In international trade, it is easier to avoid problems involving bad debts than to rectify them after they have occurred. Normal business prudence is crucial to the exporter in limiting risks. Credit checks and services such as the U.S. Commercial Service’s International Company Profile, which conducts background checks on potential foreign partners, can be of great help in mitigating any risks in advance.
Just as in a company’s domestic business, exporters occasionally encounter problems with buyers who default on their payment. When these problems occur in international trade, obtaining payment can be both difficult and expensive. Even when the exporter has insurance to cover commercial credit risks, a default by a buyer still requires the expenditure of both time and money to collect payment. This is because the exporter must exhaust all reasonable means of obtaining payment before an insurance claim will be honored. Even after all the insurer’s requirements have been met, there is often a significant delay before the exporter receives reimbursement.

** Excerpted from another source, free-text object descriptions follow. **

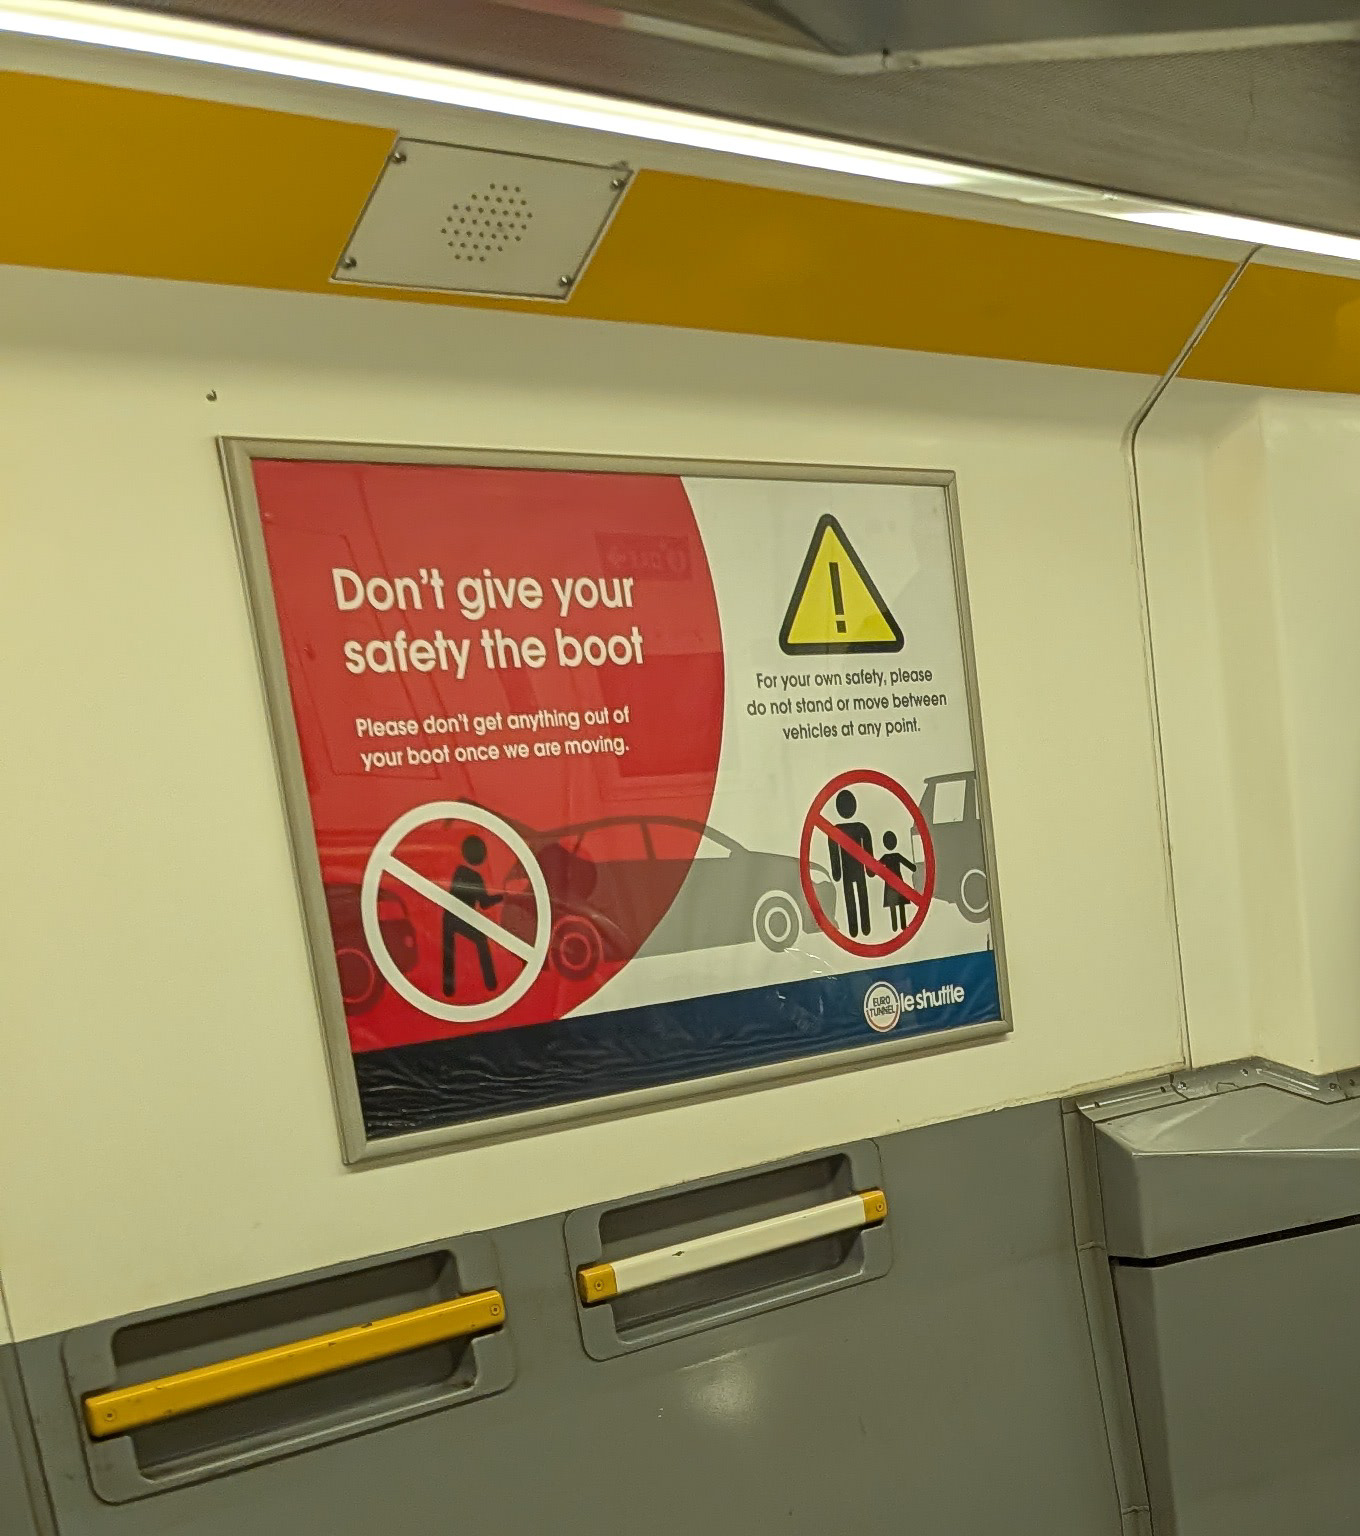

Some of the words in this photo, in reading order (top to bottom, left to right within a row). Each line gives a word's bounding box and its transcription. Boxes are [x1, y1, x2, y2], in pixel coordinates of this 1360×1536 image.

[332, 567, 445, 611] Don't
[456, 568, 543, 620] give
[551, 576, 634, 617] your
[343, 629, 471, 680] safety
[480, 628, 547, 669] the
[554, 626, 644, 668] boot
[756, 672, 777, 689] For
[781, 673, 811, 691] your
[814, 672, 842, 686] own
[845, 668, 887, 687] safety,
[890, 668, 933, 686] please
[746, 700, 767, 716] do
[770, 698, 792, 714] not
[796, 696, 833, 714] stand
[836, 697, 850, 711] or
[853, 694, 889, 711] move
[892, 693, 948, 708] between
[355, 717, 418, 738] Please
[422, 713, 469, 735] don't
[473, 712, 503, 736] get
[507, 709, 580, 732] anything
[584, 707, 609, 726] out
[613, 705, 630, 723] of
[782, 722, 838, 739] vehicles
[841, 720, 854, 736] at
[857, 721, 881, 738] any
[885, 717, 921, 737] point.
[360, 750, 403, 772] your
[407, 746, 451, 765] boot
[454, 743, 500, 763] once
[503, 743, 529, 759] we
[533, 740, 561, 757] are
[564, 735, 630, 756] moving.
[869, 1004, 896, 1018] TUNNEL
[872, 995, 891, 1007] EURO
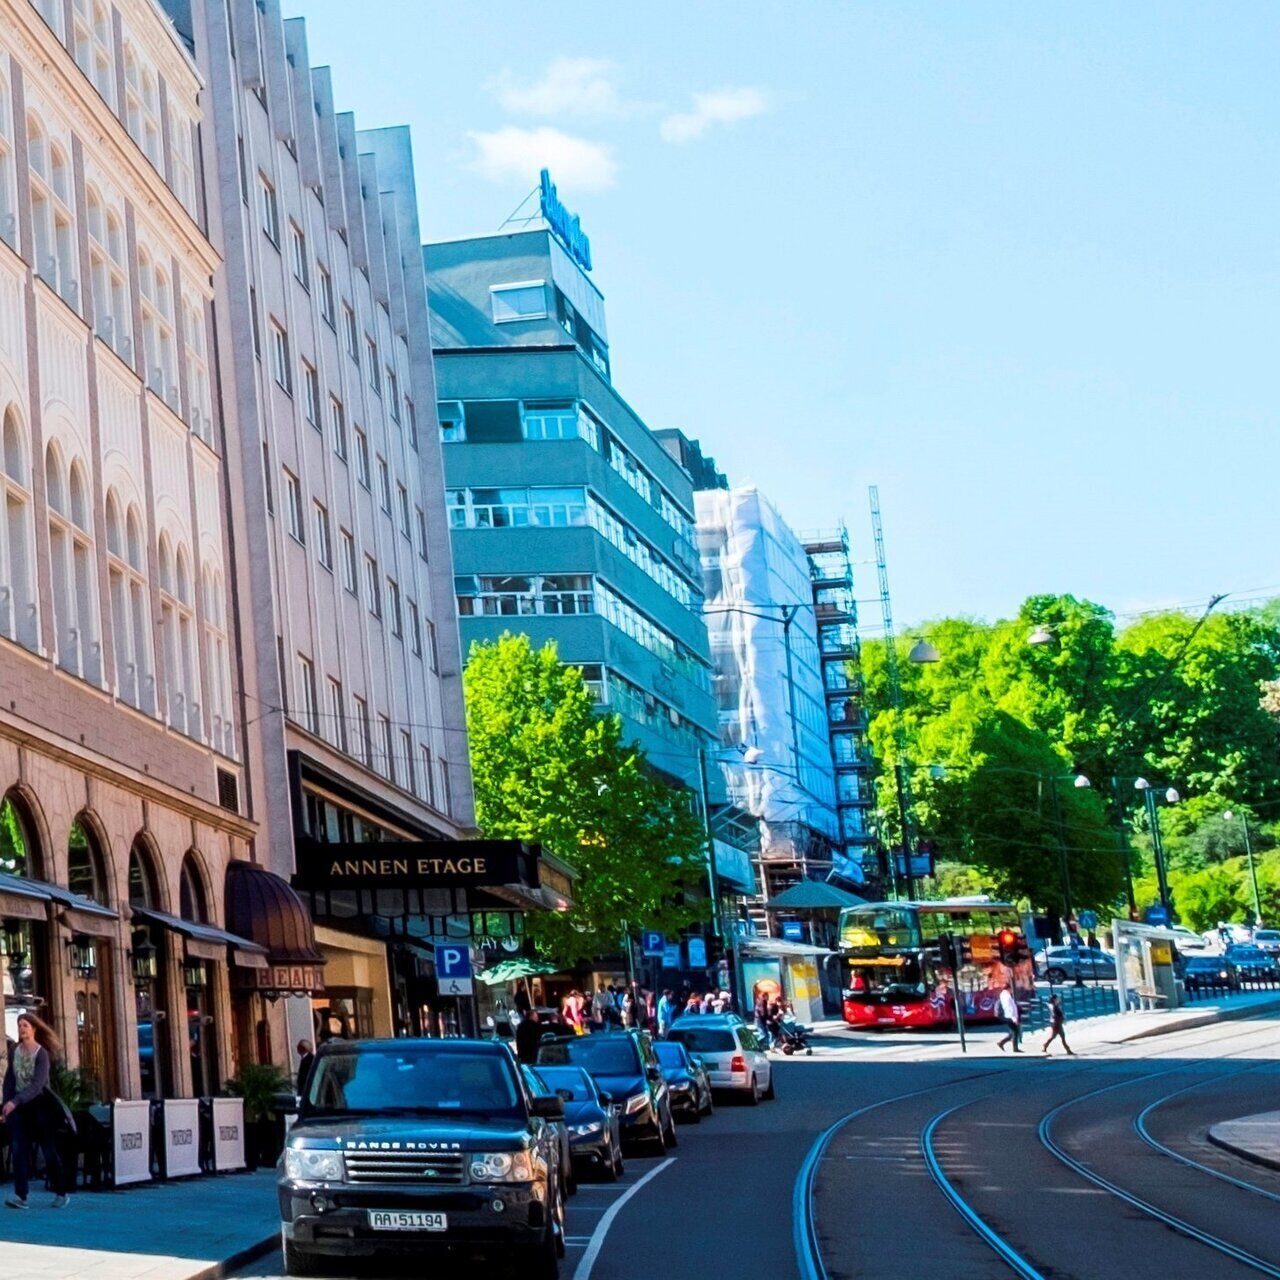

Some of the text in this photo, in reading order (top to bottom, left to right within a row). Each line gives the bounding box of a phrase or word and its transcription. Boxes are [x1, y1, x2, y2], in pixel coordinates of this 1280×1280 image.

Whenever possible, try to prevent payment-related Issues before they happen. The simplest and least costly solution to a payment problem is to contact and negotiate with the customer. With patience, understanding, and flexibility, you may often resolve conflicts to the satisfaction of both sides. This is especially true when a simple misunderstanding or technical problem is to blame and there is no question of bad faith. Even though you may be required to compromise on certain points—perhaps even on the price of the committed goods— your company may save a valuable customer and profit in the long run.
Many issues can be solved with a phone call, either directly or through a hired consulting agency— especially if the heart of the dispute is a simple misunderstanding.
Tips for Addressing Payment Problems
When payment problems do occur, answer the following questions before seeking outside help or filing an insurance claim:
1. Have you contacted the buyer to determine the problem?
2. Have you attempted to negotiate a mutually agreed solution to the problem?
3. Have you supplied the goods/services as per the contract, invoice, or letter of credit?
4. Is there an issue of quality or price?
5. Are all your shipping and customs documents in order?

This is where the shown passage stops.